> **Problem description**:
All the records that follow need to be reproduced exactly. Omit the images.

> **Data under study**:

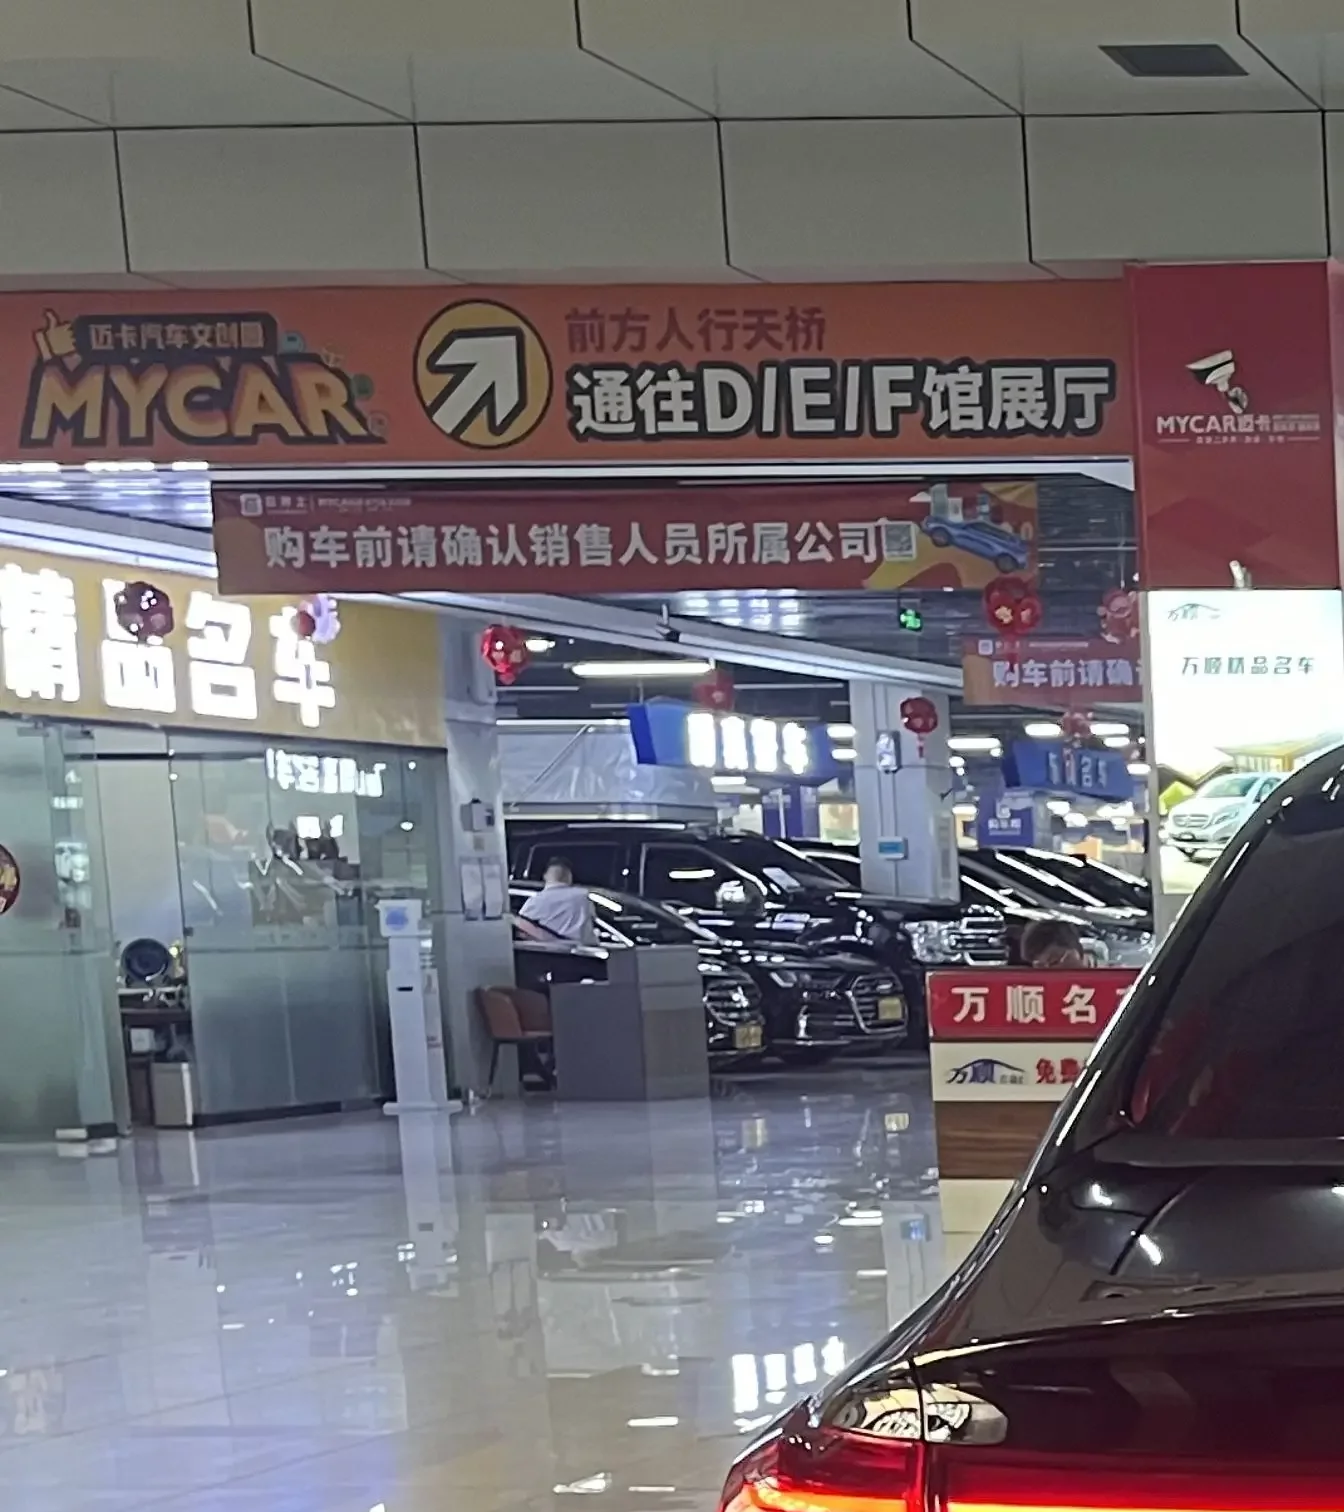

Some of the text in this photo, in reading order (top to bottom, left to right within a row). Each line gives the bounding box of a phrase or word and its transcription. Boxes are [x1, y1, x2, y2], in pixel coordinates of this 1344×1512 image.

[565, 304, 826, 354] 前方人行天桥
[25, 356, 374, 444] MYCAR
[263, 520, 877, 569] 购车前请确认销售人员所属公司
[993, 659, 1143, 687] 购车前请确
[951, 984, 1133, 1024] 万顺名

> **Response to this task**:
Some of the text in this photo, in reading order (top to bottom, left to right within a row). Each line gives the bounding box of a phrase or word and its transcription. Boxes are [x1, y1, x2, y2], in pixel coordinates of this 1344×1512 image.

[565, 304, 826, 354] 前方人行天桥
[25, 356, 374, 444] MYCAR
[263, 520, 877, 569] 购车前请确认销售人员所属公司
[993, 659, 1143, 687] 购车前请确
[951, 984, 1133, 1024] 万顺名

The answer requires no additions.